Economic Outcomes Data Presented for Medtronic's HeartWare HVAD System
April 8, 2019—Medtronic announced the presentation of economic outcomes data for its HeartWare HVAD system, a left ventricular assist device (LVAD), after analyzing multiple clinical studies. The economic analyses of the HVAD system were presented at the 2019 International Society for Heart and Lung Transplantation Annual Meeting and Scientific Sessions held April 3–6 in Orlando, Florida.
The first analysis evaluated heart failure patients who received the HVAD system through a less invasive thoracotomy procedure in the LATERAL study. According to the company, the findings demonstrated that these patients incurred lower hospitalization and medical supply costs than patients who received a ventricular assist device (VAD) through the traditional sternotomy implantation procedure.
The average total cost per patient in the LATERAL thoracotomy study was $204,107, compared to $260,492 for nonstudy patients who were treated with traditional median sternotomy VAD (P < .001).
Medtronic reported that a second analysis demonstrated substantially improved cost-effectiveness of the HVAD system when used as a bridge to heart transplant (BTT) or as a longer-term destination therapy (DT) in patients with advanced heart failure who are not candidates for heart transplants, as compared to previously published United States cost-effectiveness analyses.
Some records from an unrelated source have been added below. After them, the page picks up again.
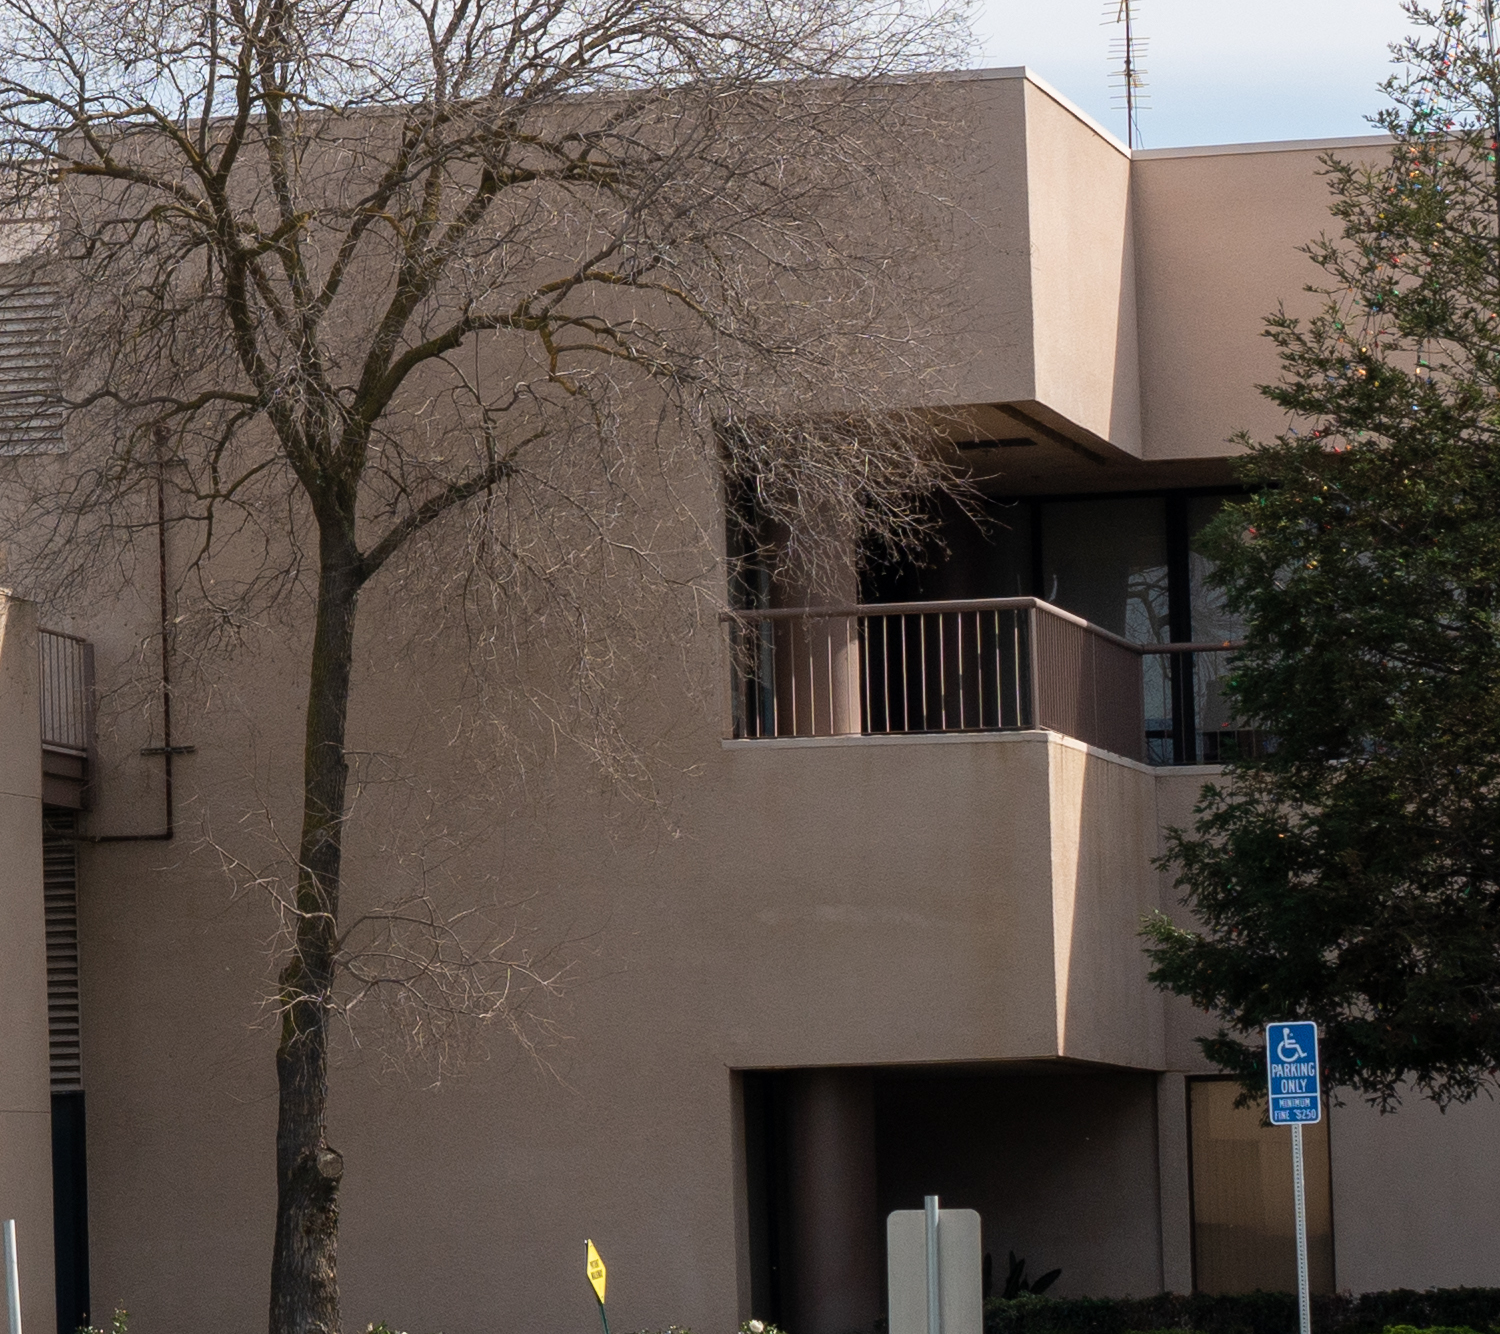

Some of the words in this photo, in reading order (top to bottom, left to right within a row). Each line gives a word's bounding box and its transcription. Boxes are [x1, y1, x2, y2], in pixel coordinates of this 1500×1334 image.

[1272, 1062, 1315, 1077] PARKING
[1281, 1079, 1307, 1093] ONLY
[1279, 1098, 1310, 1108] MINIMUM
[1274, 1110, 1290, 1120] FINE
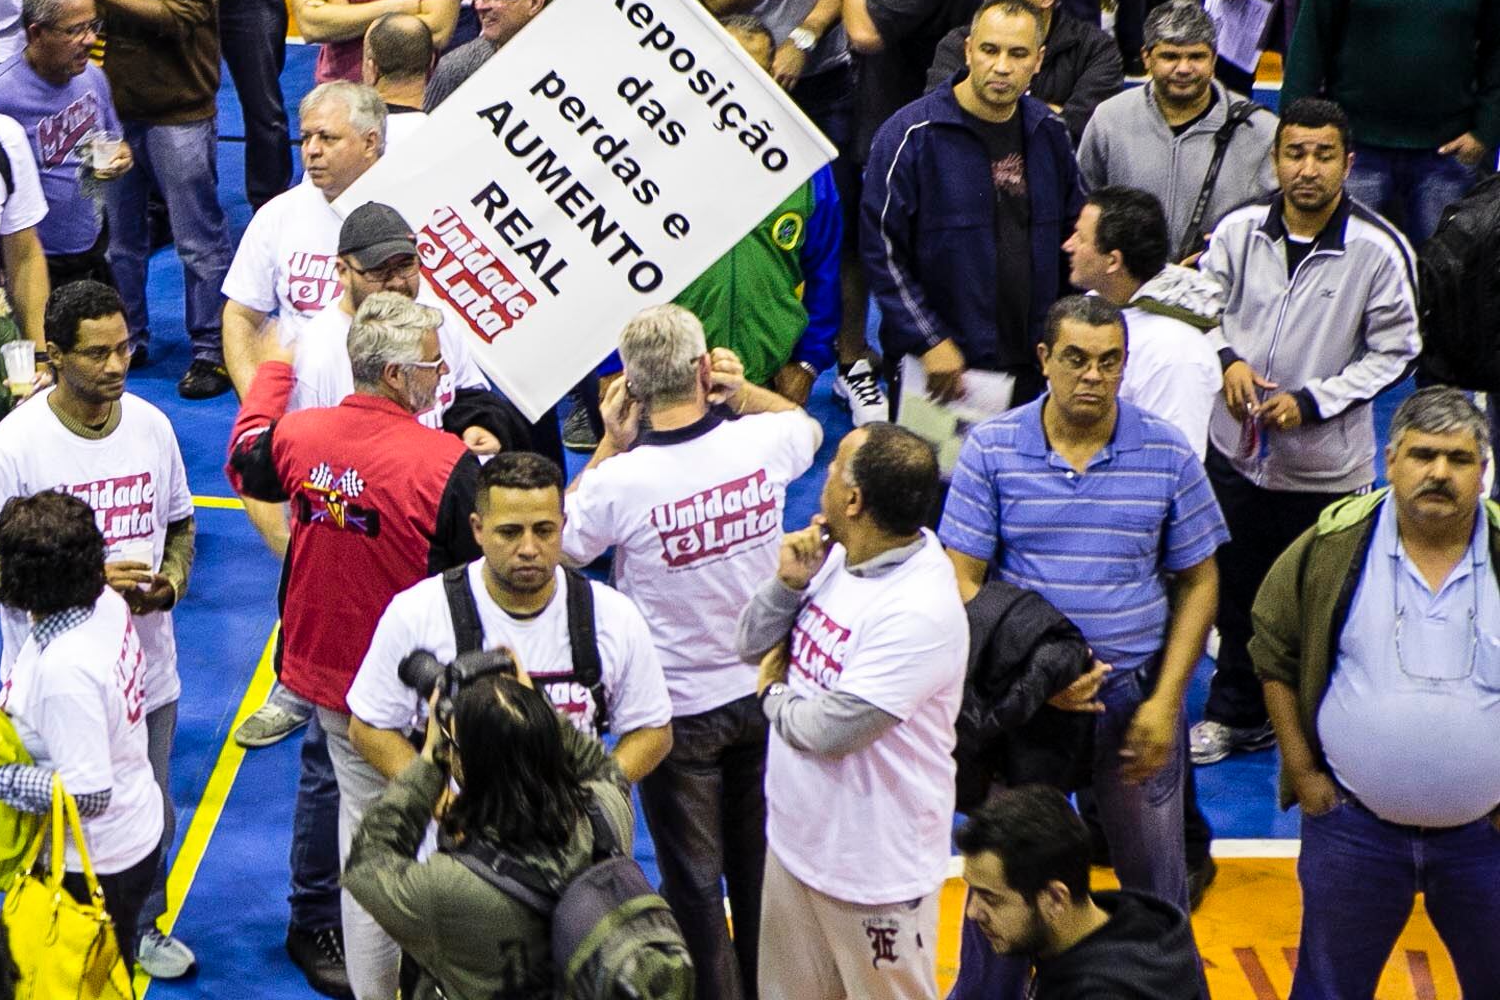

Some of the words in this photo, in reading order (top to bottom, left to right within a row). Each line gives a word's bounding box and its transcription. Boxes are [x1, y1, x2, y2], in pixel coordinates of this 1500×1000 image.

[530, 70, 660, 206] perdas
[663, 212, 691, 240] e
[617, 75, 687, 147] das
[470, 181, 572, 297] REAL
[476, 101, 664, 294] AUMENTO
[431, 206, 529, 318] Unidade
[432, 261, 507, 339] Luta
[653, 476, 775, 533] Unidade
[703, 509, 778, 551] Luta
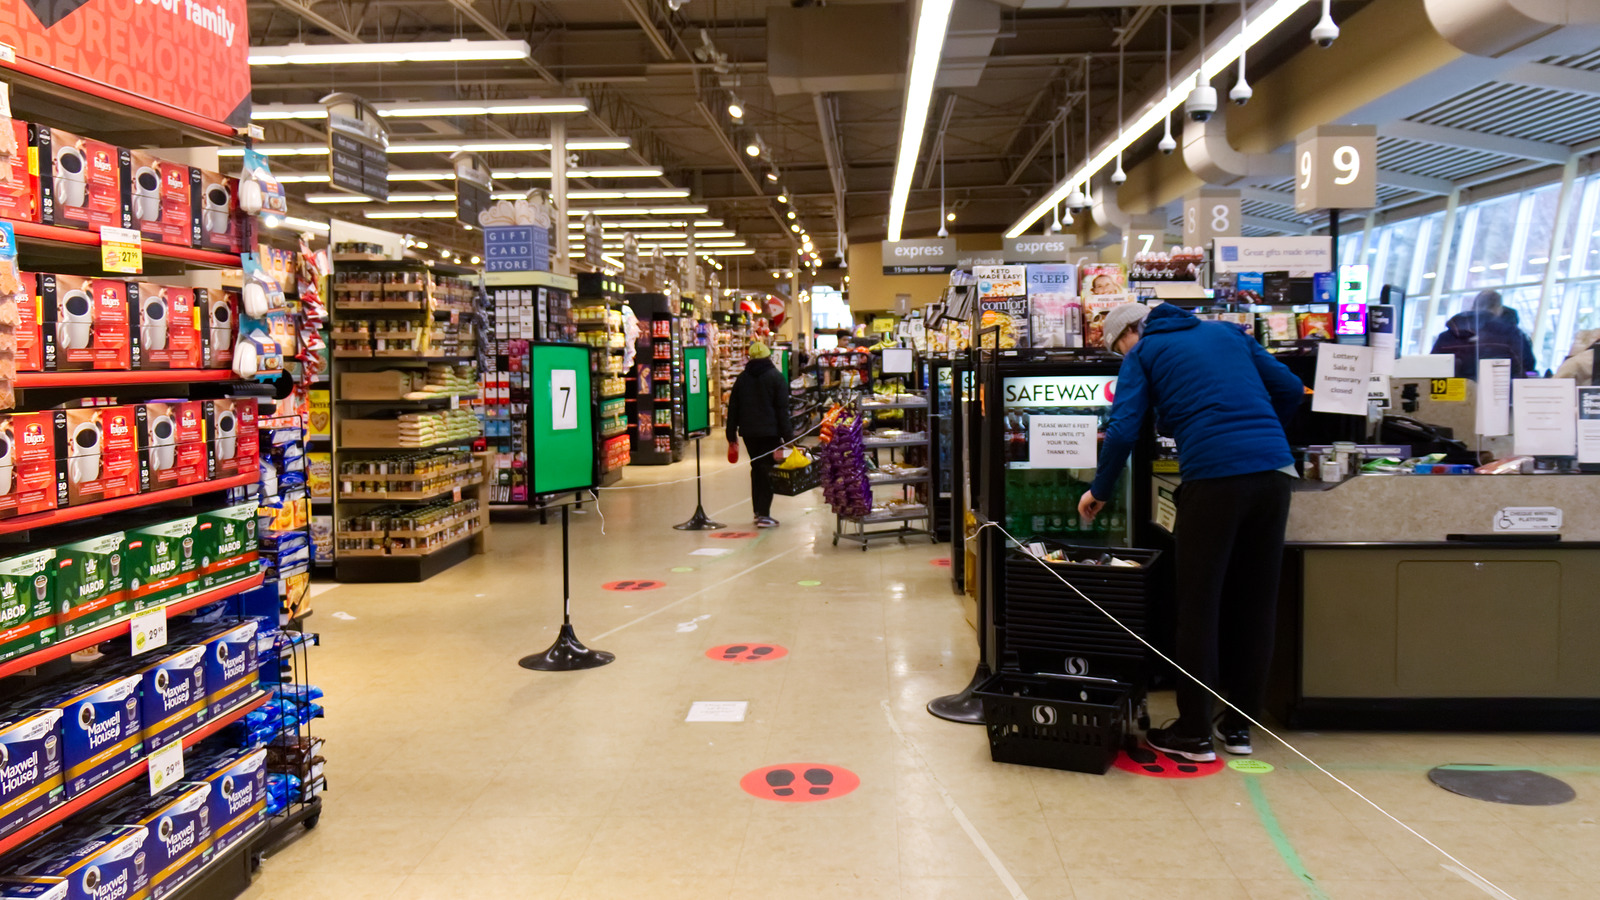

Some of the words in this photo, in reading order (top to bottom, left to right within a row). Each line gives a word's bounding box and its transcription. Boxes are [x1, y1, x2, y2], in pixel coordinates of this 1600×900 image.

[185, 0, 235, 47] family
[1300, 151, 1312, 190] 9
[1333, 146, 1360, 185] 9
[44, 198, 52, 207] 50
[1188, 207, 1196, 233] 8
[1211, 204, 1229, 231] 8
[489, 231, 526, 241] GIFT
[489, 246, 528, 255] CARD
[894, 245, 944, 259] express
[1015, 241, 1065, 254] express
[1138, 234, 1154, 256] 7
[122, 251, 131, 262] 27
[490, 260, 528, 270] STORE
[957, 257, 972, 266] self
[974, 257, 996, 265] check
[1032, 274, 1070, 284] SLEEP
[981, 297, 1027, 310] comfort
[46, 345, 55, 354] 50
[1333, 352, 1358, 361] Lottery
[692, 369, 699, 388] 5
[1431, 379, 1446, 394] 19
[1005, 384, 1099, 402] SAFEWAY
[1330, 387, 1353, 395] closed
[559, 386, 571, 419] 7
[24, 432, 46, 446] Folgers
[58, 482, 67, 490] 50
[218, 540, 241, 554] NABOB
[34, 556, 46, 573] 55
[150, 560, 176, 576] NABOB
[79, 578, 105, 597] NABOB
[0, 604, 26, 623] ABOB
[148, 628, 158, 640] 29
[223, 650, 246, 672] Maxwell
[224, 666, 242, 681] House
[162, 678, 190, 700] Maxwell
[164, 695, 186, 712] House
[88, 710, 120, 738] Maxwell
[90, 730, 116, 750] House
[0, 750, 38, 782] Maxwell
[166, 763, 174, 776] 29
[2, 770, 33, 796] House
[228, 781, 253, 805] Maxwell
[229, 797, 250, 814] House
[166, 820, 195, 848] Maxwell
[168, 837, 191, 859] House
[93, 868, 128, 900] Maxwell
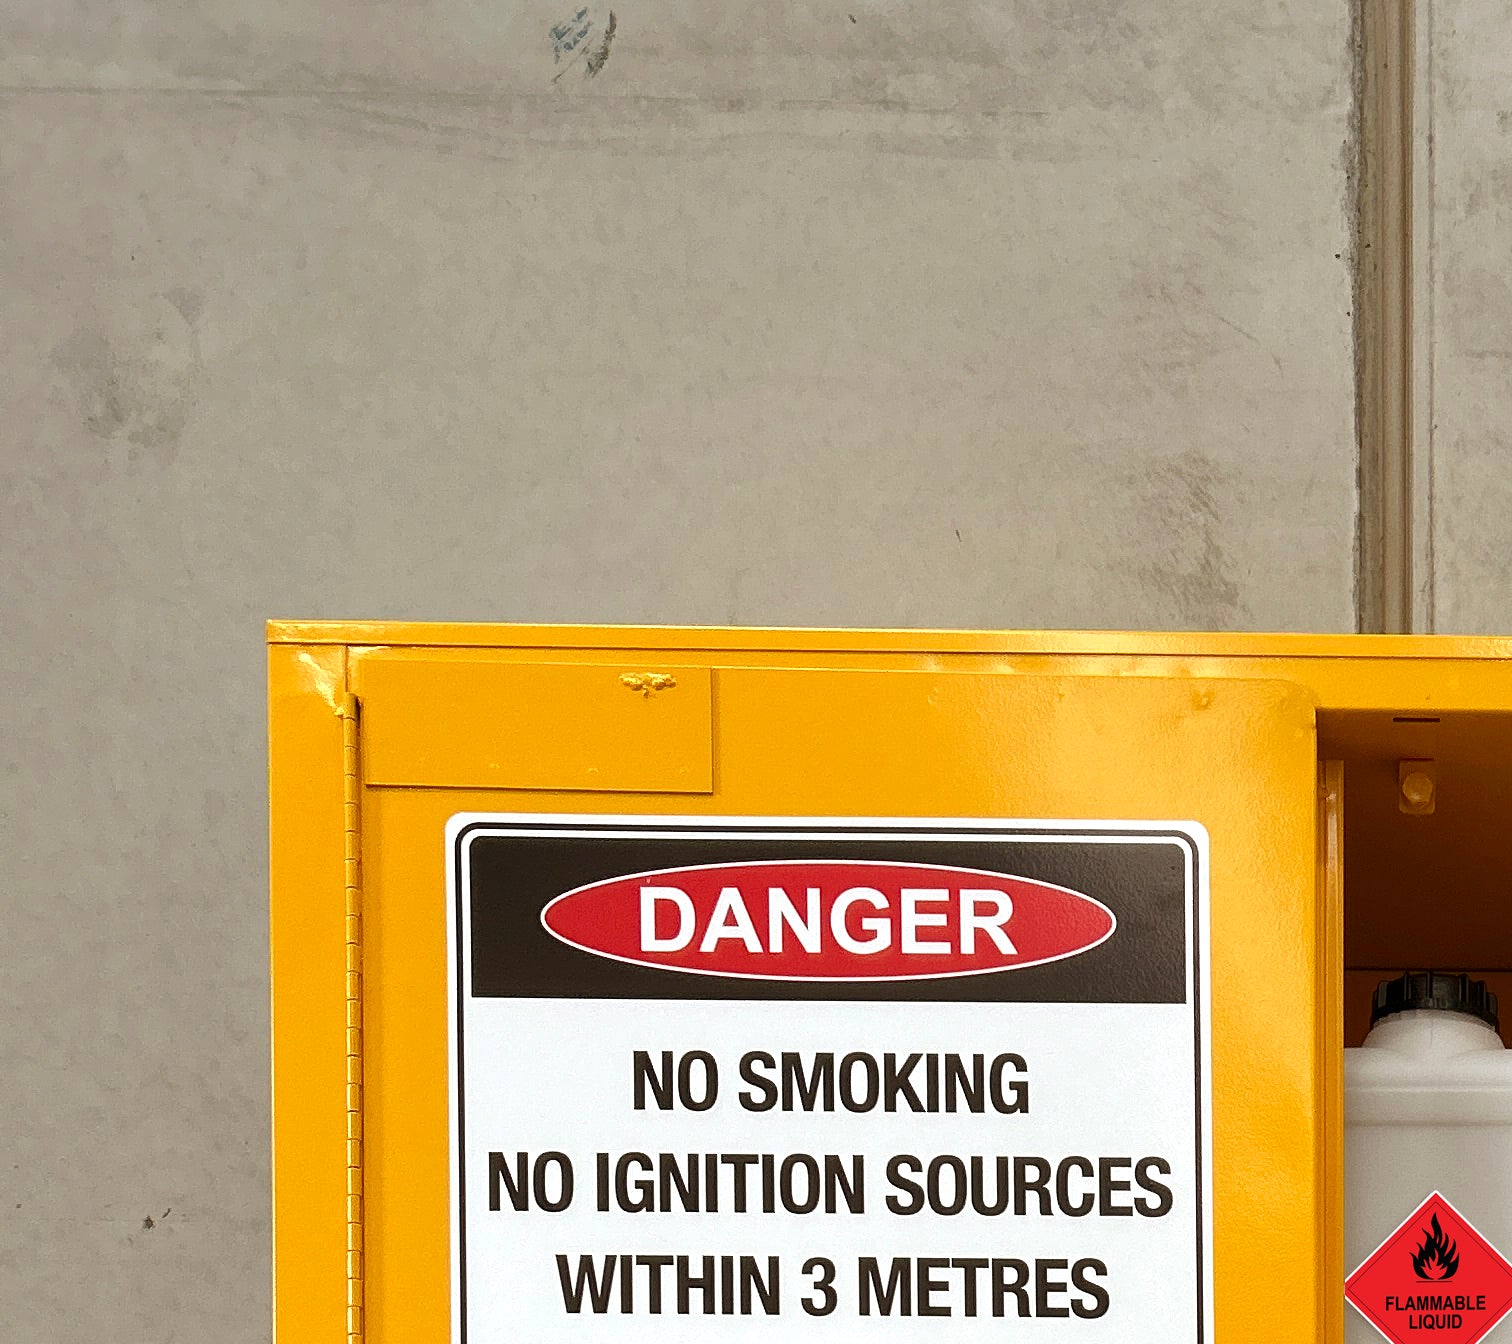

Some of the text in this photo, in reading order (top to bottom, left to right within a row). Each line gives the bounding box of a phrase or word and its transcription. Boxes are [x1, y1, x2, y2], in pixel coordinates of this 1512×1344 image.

[641, 886, 1018, 955] DANGER
[633, 1050, 1030, 1114] NO SMOKING
[488, 1151, 1174, 1217] NO IGNITION SOURCES
[556, 1254, 1111, 1319] WITHIN 3 METRES
[1385, 1296, 1486, 1311] FLAMMABLE
[1408, 1314, 1463, 1330] LIQUID
In the BTT population, the HVAD system showed approximately a two-thirds reduction in the incremental cost-effectiveness ratio (ICER), from $226,300 in a 2014 analysis to $69,561 in the current analysis (per quality-adjusted life-year gained over a patient's lifetime).
In the DT population, the current analysis demonstrated an ICER of $102,499 for the HVAD system—a dramatic reduction from four previous United States–based economic analyses (conducted 2004–2016) of predominantly competitive LVADs that estimated the ICER from $209,400 to $802,700.
The analysis was conducted using HVAD patient data from the ADVANCE-BTT + CAP, ENDURANCE, and ENDURANCE Supplemental clinical trials as well as Medicare cost data and Seattle Heart Failure Model estimates, noted Medtronic.
Scott Silvestry, MD, who is Surgical Director of Thoracic Transplant at AdventHealth Transplant Institute in Orlando, Florida, commented on these findings in the company's announcement. Dr. Silvestry stated, “These studies help us understand the cost-effectiveness and economic value of the HVAD system, demonstrating a greater level of cost-effectiveness than previously reported for LVAD therapy. The progress toward greater cost-effectiveness is an important advance that will support wider adoption of LVAD therapy for indicated patients.”
Additionally, Medtronic announced that the LATERAL trial results were published by Edwin McGee Jr, MD, et al in The Journal of Heart and Lung Transplantation. The study demonstrated 87% survival at 2 years and a 30% reduction in the length of hospital stay for patients who received the HVAD system via thoracotomy, compared to patients who received their HVAD system via a sternotomy.
The company advised that the HVAD system was approved in Japan in 2018 for BTT in patients with advanced heart failure. In February 2019, Health Canada licensed the HVAD system for implantation via the thoracotomy approach. The HVAD system is now approved for BTT and DT patients, via both sternotomy and thoracotomy implant techniques, in the United States, Canada, and in countries recognizing CE Mark approval.